I'm genuinely fascinated that you prefaced this clearly-not-an-anecdote with "just an anecdote". If it had been an anecdote, it would have been fine without the preface. Instead it's a sweeping claim that at best requires several anecdotes to support it.
koningrobot
·4 years ago·discuss
I don't think the author is talking about utilitarianism at all. They're talking about compressing their moral intuitions. They already believed it's bad to kill grandma, therefore "utilitarianism" must be beaten into shape to reach the same conclusion.

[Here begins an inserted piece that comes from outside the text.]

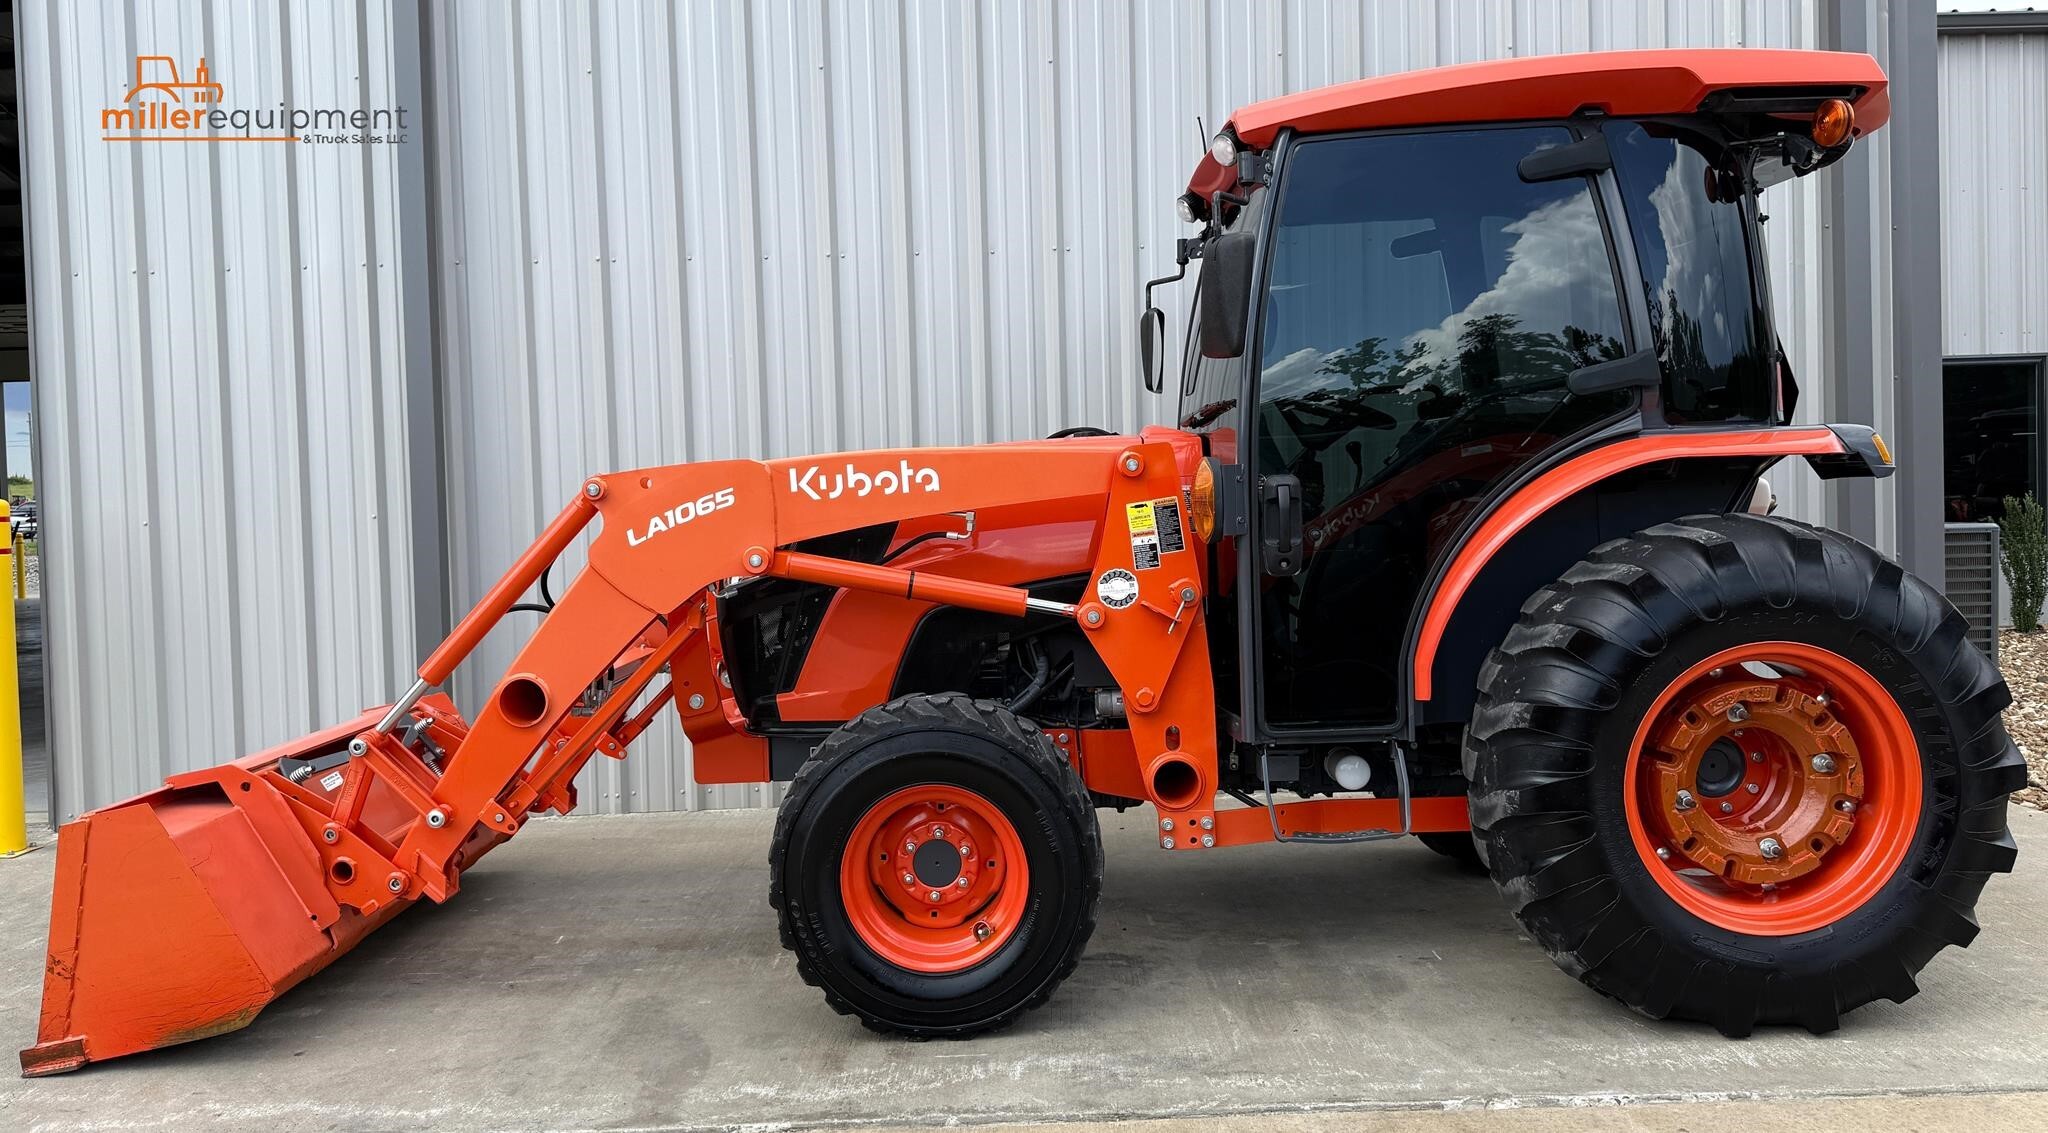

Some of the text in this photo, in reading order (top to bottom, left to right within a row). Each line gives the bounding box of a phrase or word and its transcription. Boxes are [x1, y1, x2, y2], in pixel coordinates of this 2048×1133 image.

The fundamental unit of (classical) utilitarianism is good/bad sensations, not right/wrong actions. If you start by taking rightness/wrongness of actions as fundamental, you are very much not doing utilitarianism.

The grandma/surgeon examples do seem to suggest that killing grandma is good or dividing up the patient is good according to utilitarianism. That may or may not be right, depending on context -- who are the people involved, what do they bring to the table, what relationships do they have with each other and with people not mentioned in the story? You can fill out these details in ways that would lead "common sense morality" to the abhorrent conclusions also, or bite their own bullet and claim "the means justify the ends" somehow.
koningrobot
·4 years ago·discuss
> The argument being that it was better for someone who would only projected to make it to 50 years to die early than it would be if someone who was projected to make it to 75 years died early.

That's not what it says at all. It says that being exposed to a carcinogen isn't bad if you aren't going to live long enough to suffer the consequences. Plenty of things wrong with the memo but this little observation isn't it.
koningrobot
·4 years ago·discuss
According to https://gis.cdc.gov/Cancer/USCS/#/Trends/ the rate is still going down. Literally the first place I looked and their graph goes to 2018.
koningrobot
·4 years ago·discuss
Yes, I've worked with this exact algorithm before, and others like it, and it should be much worse. Better than finite diffs or reinforce, but way worse than backprop's exact gradients, to the point of being unusable. Moreover the variance of the estimate grows with the number of parameters, so it gets worse still on bigger problems.